# Work task
Word for word, restate the listing; omit the pictures.

# Exercise inputs

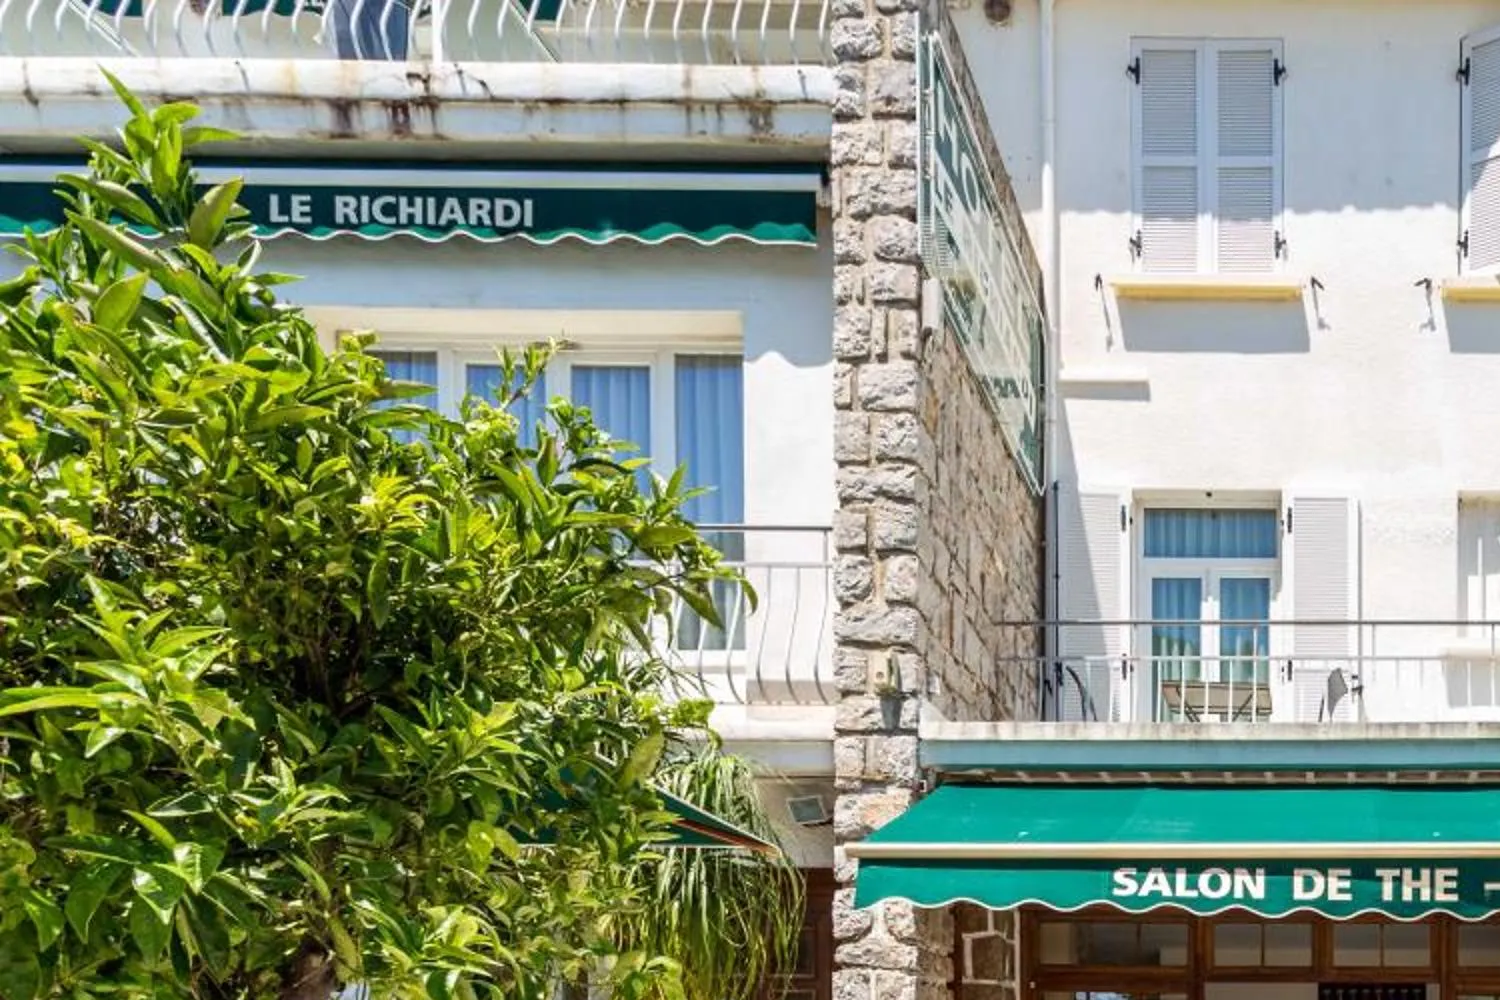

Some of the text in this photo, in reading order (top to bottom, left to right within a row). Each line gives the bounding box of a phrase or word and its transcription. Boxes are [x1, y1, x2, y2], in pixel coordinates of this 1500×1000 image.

[269, 193, 534, 228] LE RICHIARDI
[1112, 867, 1265, 899] SALON
[1293, 868, 1352, 900] DE
[1376, 868, 1458, 901] THE

# Solution for this exercise
Some of the text in this photo, in reading order (top to bottom, left to right within a row). Each line gives the bounding box of a phrase or word and its transcription. Boxes are [x1, y1, x2, y2], in pixel coordinates of this 1500×1000 image.

[269, 193, 534, 228] LE RICHIARDI
[1112, 867, 1265, 899] SALON
[1293, 868, 1352, 900] DE
[1376, 868, 1458, 901] THE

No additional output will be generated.